---- RECORDS PROVIDED

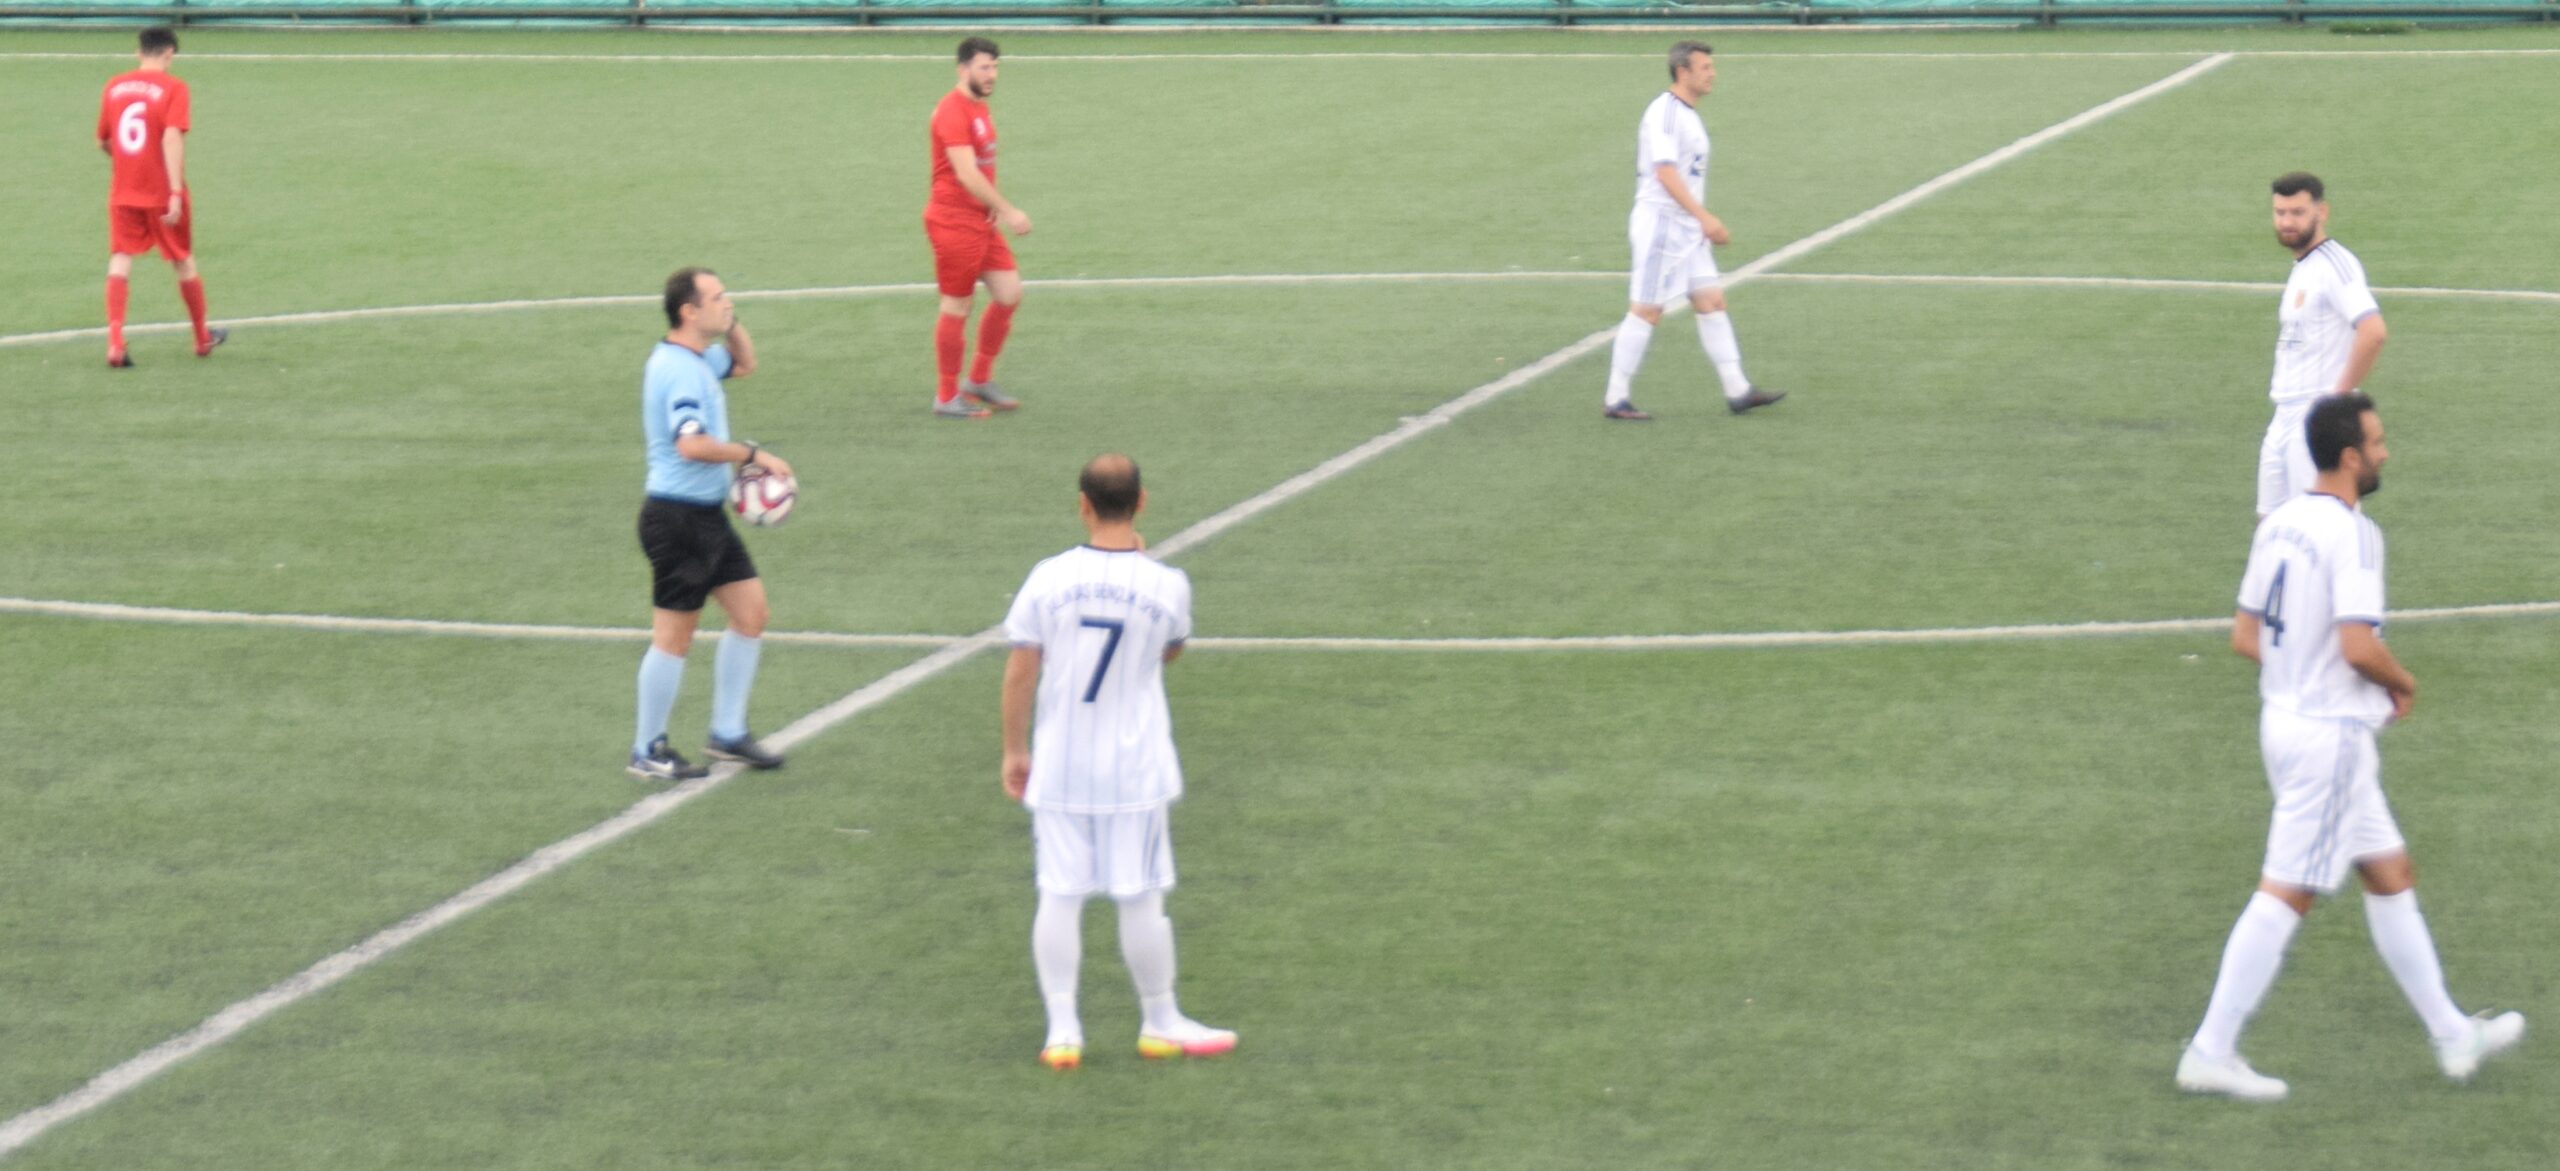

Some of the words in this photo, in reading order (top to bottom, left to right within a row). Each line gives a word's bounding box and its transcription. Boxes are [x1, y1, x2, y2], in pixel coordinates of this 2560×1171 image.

[118, 101, 147, 153] 6
[2264, 559, 2285, 646] 4
[1079, 615, 1124, 702] 7
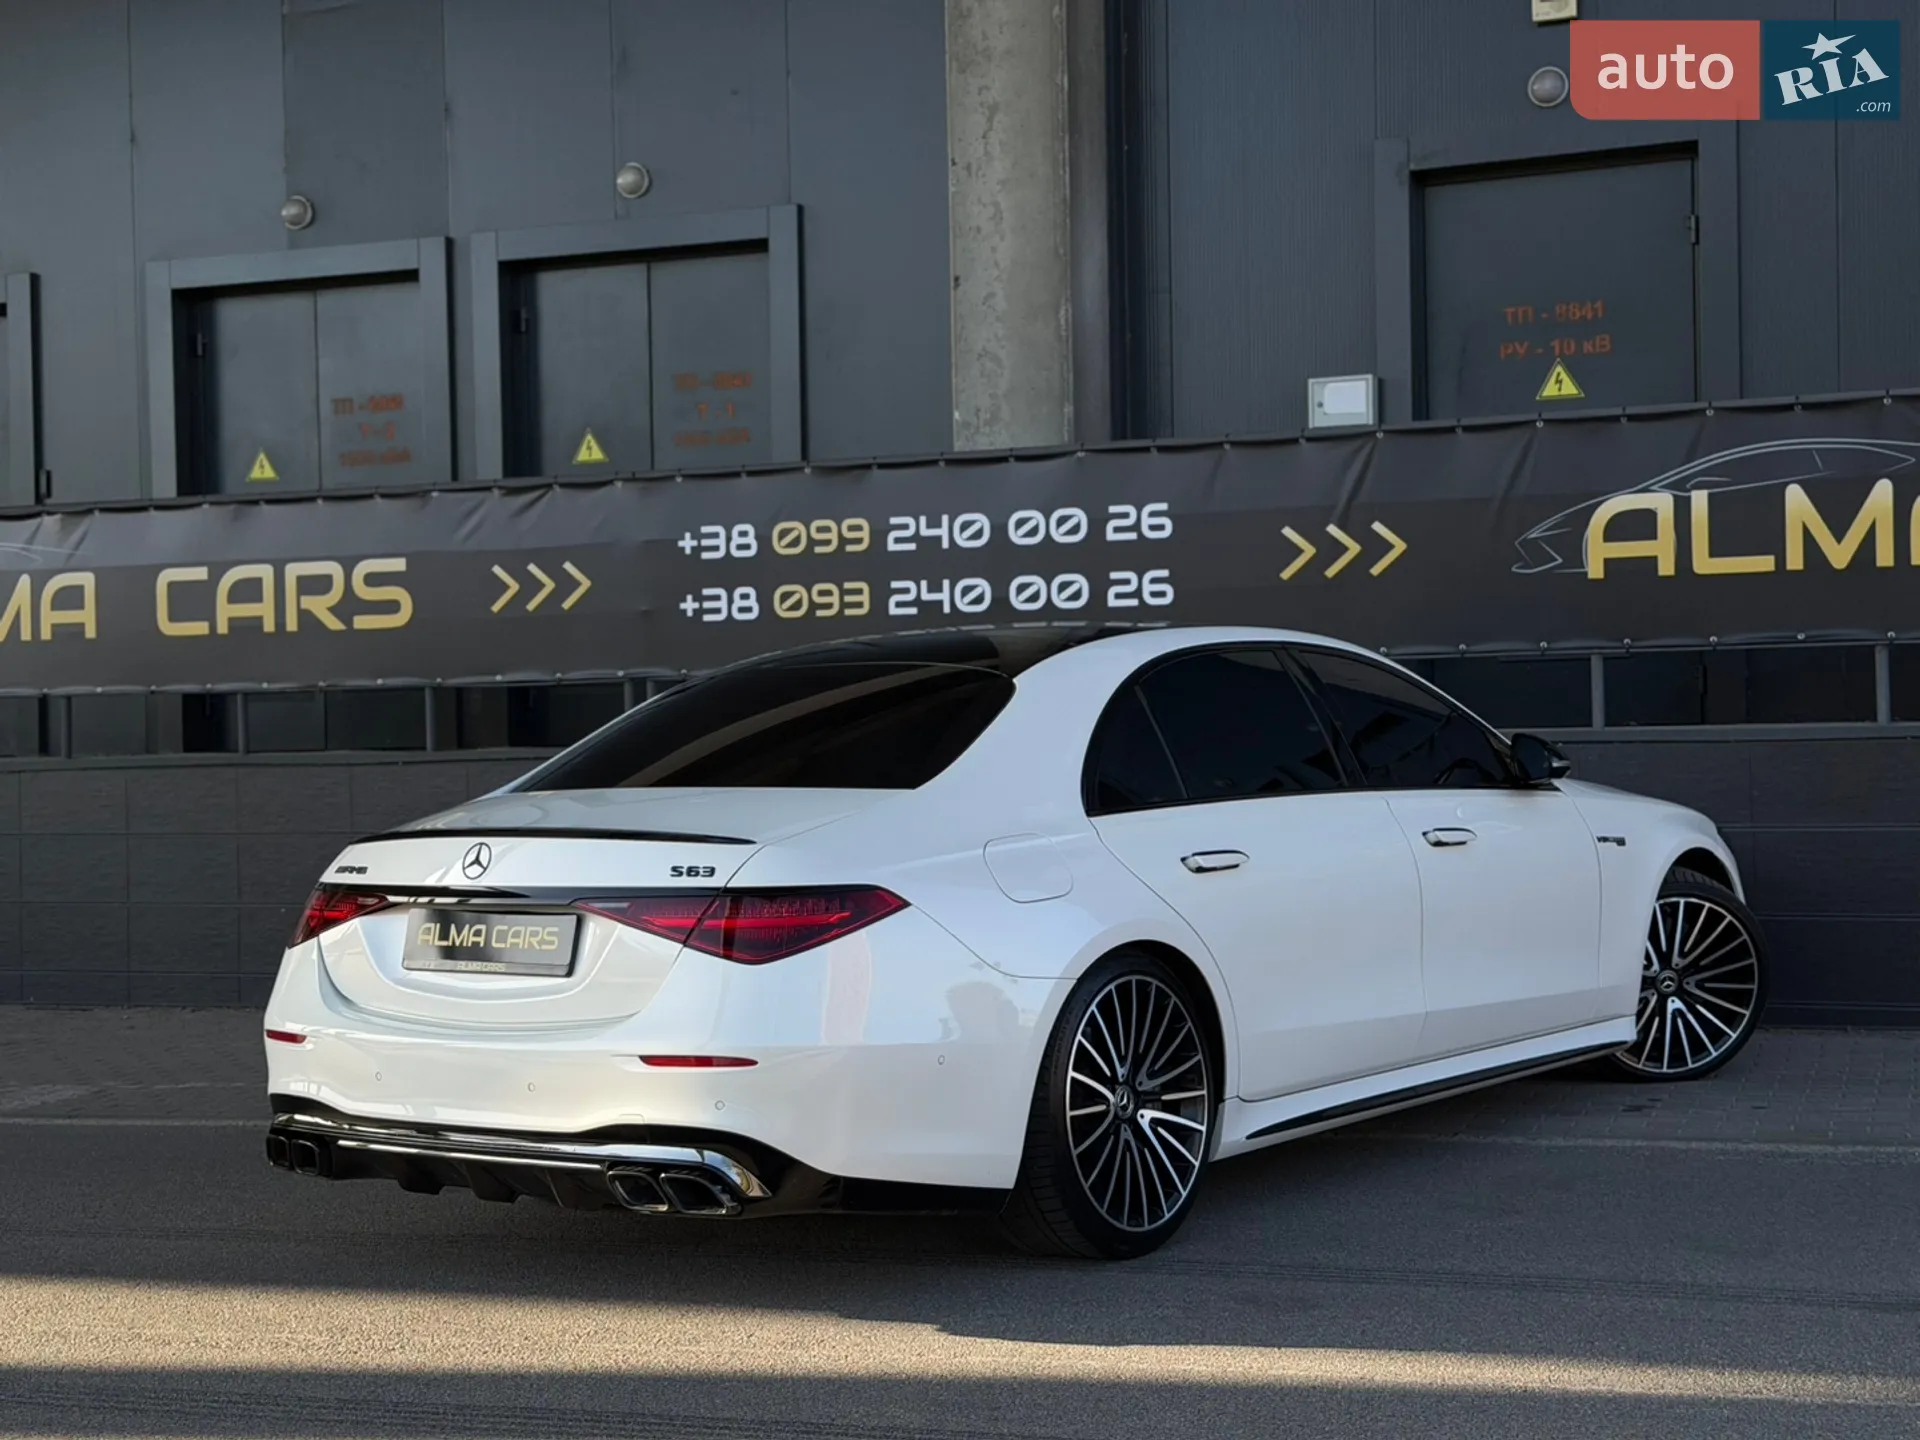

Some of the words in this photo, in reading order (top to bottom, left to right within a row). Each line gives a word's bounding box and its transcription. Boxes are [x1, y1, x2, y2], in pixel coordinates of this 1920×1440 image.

[1550, 338, 1576, 356] 10
[678, 524, 757, 559] +38
[772, 518, 870, 555] 099
[887, 513, 991, 551] 240
[1008, 507, 1088, 545] 00
[1106, 503, 1173, 541] 26
[1587, 478, 1920, 579] ALM
[156, 557, 413, 636] CARS
[680, 587, 759, 622] +38
[773, 582, 870, 618] 093
[888, 578, 992, 616] 240
[1009, 574, 1089, 611] 00
[1107, 569, 1175, 608] 26
[669, 865, 716, 878] S63
[417, 922, 487, 948] ALMA
[491, 925, 560, 950] CARS

--------

- [TASK GOAL]
Omit the pictures, then give all the lines above again exactly.

- [WRITTEN ANSWER]
Some of the words in this photo, in reading order (top to bottom, left to right within a row). Each line gives a word's bounding box and its transcription. Boxes are [x1, y1, x2, y2], in pixel coordinates of this 2560×1171 image.

[118, 101, 147, 153] 6
[2264, 559, 2285, 646] 4
[1079, 615, 1124, 702] 7

Some of the words in this photo, in reading order (top to bottom, left to right within a row). Each line gives a word's bounding box and its transcription. Boxes are [x1, y1, x2, y2], in pixel coordinates of this 1920×1440 image.

[1550, 338, 1576, 356] 10
[678, 524, 757, 559] +38
[772, 518, 870, 555] 099
[887, 513, 991, 551] 240
[1008, 507, 1088, 545] 00
[1106, 503, 1173, 541] 26
[1587, 478, 1920, 579] ALM
[156, 557, 413, 636] CARS
[680, 587, 759, 622] +38
[773, 582, 870, 618] 093
[888, 578, 992, 616] 240
[1009, 574, 1089, 611] 00
[1107, 569, 1175, 608] 26
[669, 865, 716, 878] S63
[417, 922, 487, 948] ALMA
[491, 925, 560, 950] CARS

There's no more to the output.